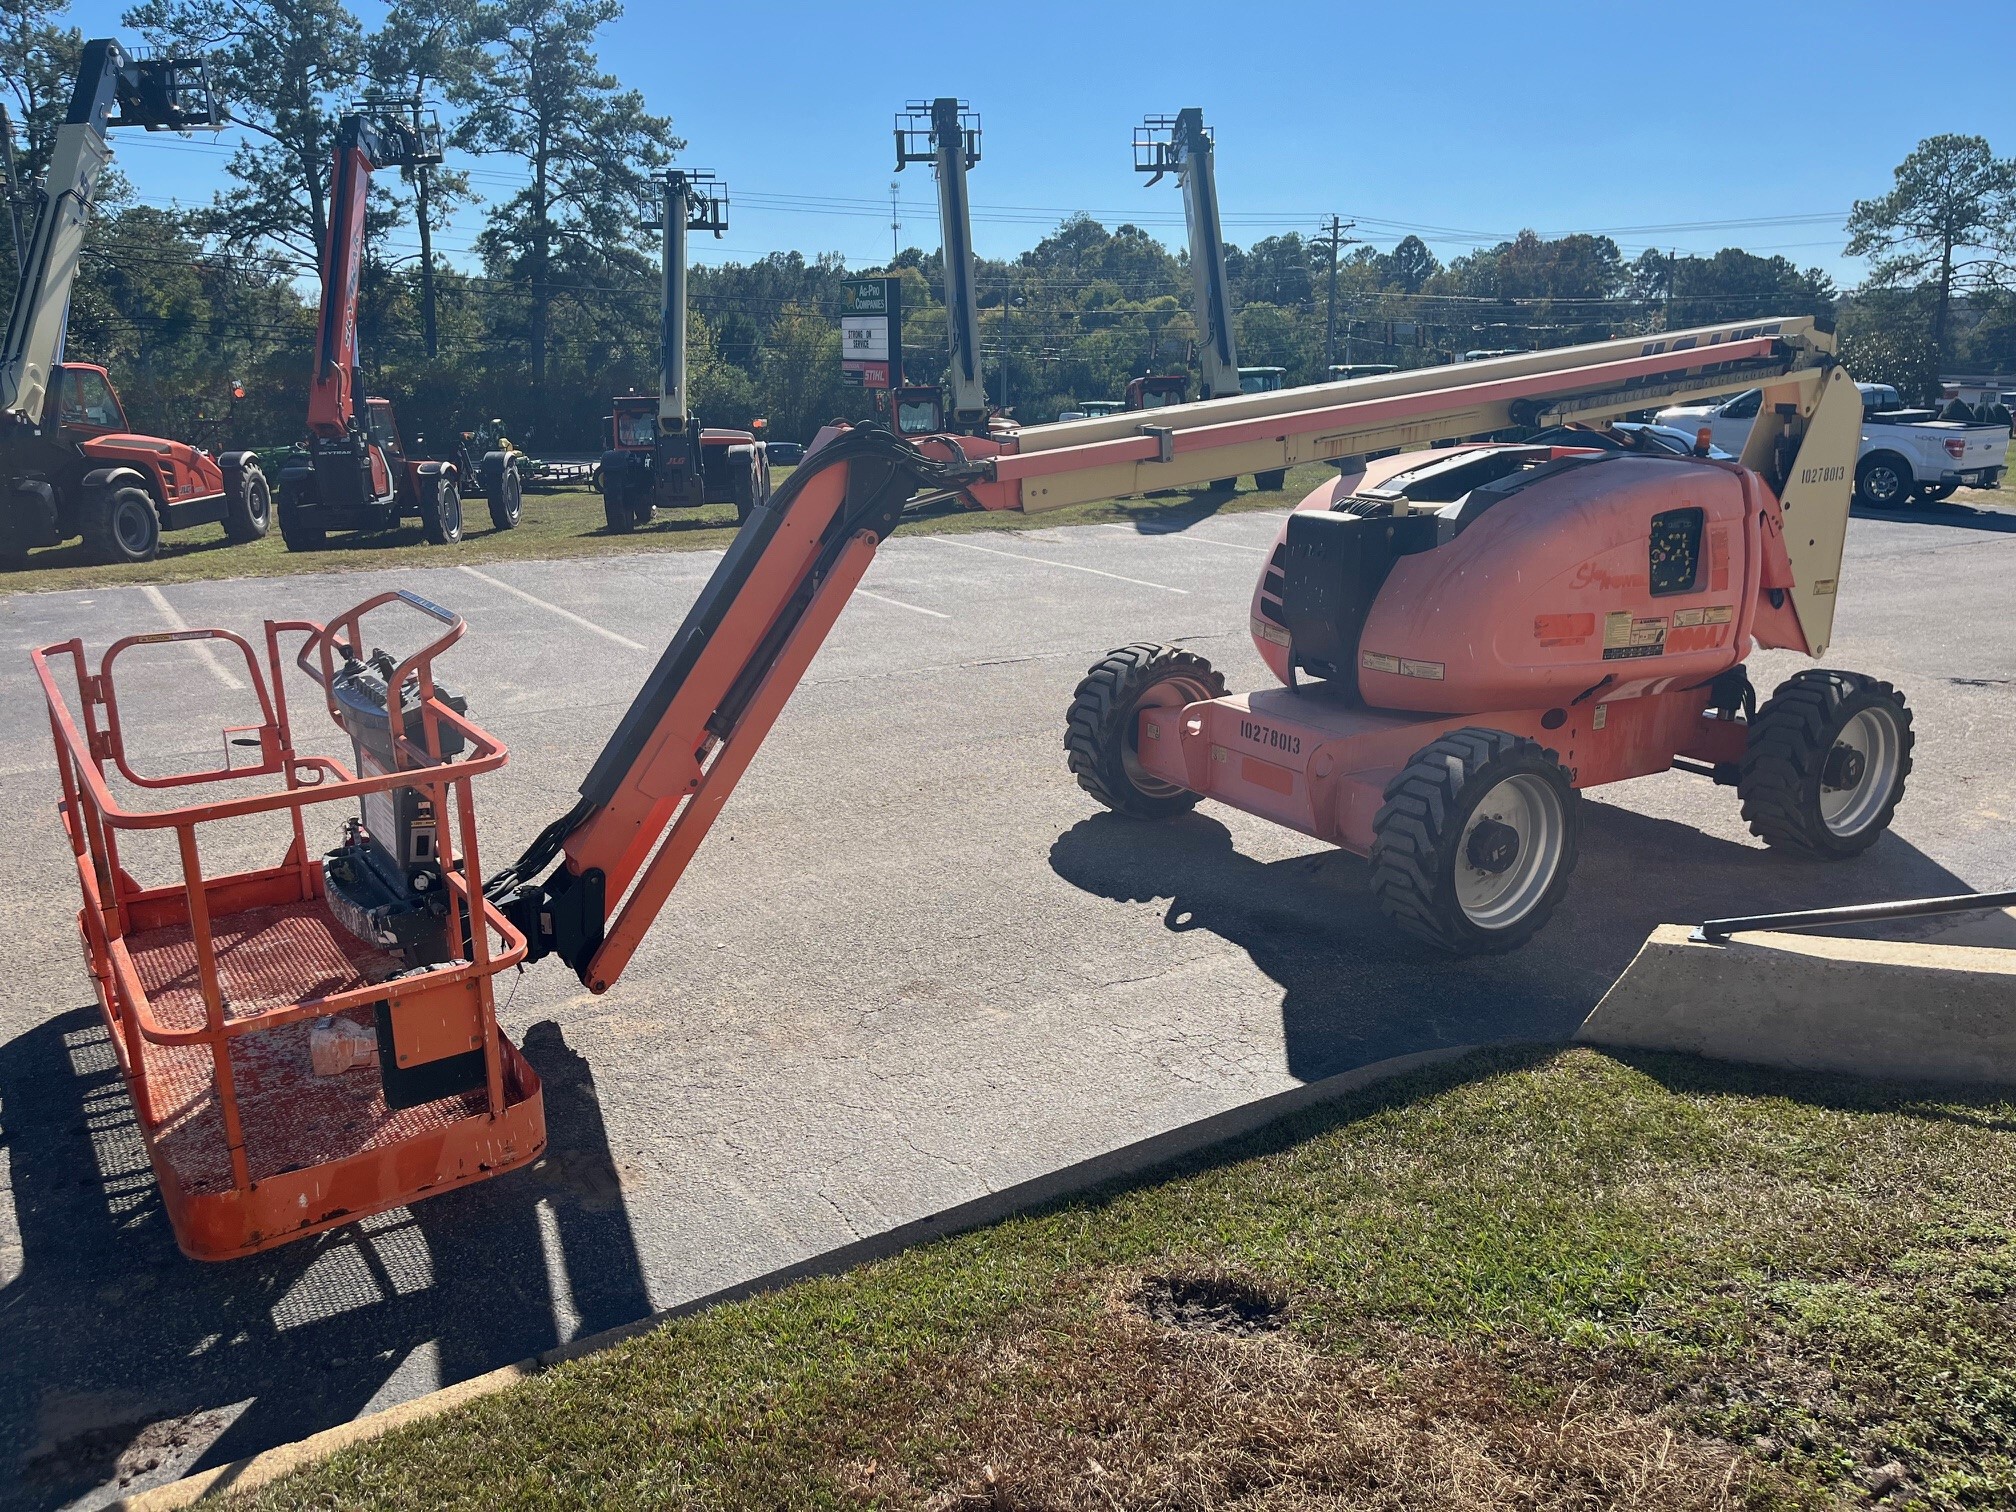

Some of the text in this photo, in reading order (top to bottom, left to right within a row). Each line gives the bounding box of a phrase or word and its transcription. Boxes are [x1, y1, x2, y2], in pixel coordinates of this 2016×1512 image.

[848, 330, 872, 339] STRONG ON
[853, 339, 869, 349] SERVICE
[865, 370, 884, 380] STIHL
[1801, 466, 1845, 484] 10278013
[1239, 719, 1301, 755] 10278013

Exercise details:
What is needed is the listing above, repeated verbatim, without its images.

Answer section:
Some of the text in this photo, in reading order (top to bottom, left to right within a row). Each line gives the bounding box of a phrase or word and its transcription. Boxes are [x1, y1, x2, y2], in pixel coordinates of this 2016×1512 image.

[848, 330, 872, 339] STRONG ON
[853, 339, 869, 349] SERVICE
[865, 370, 884, 380] STIHL
[1801, 466, 1845, 484] 10278013
[1239, 719, 1301, 755] 10278013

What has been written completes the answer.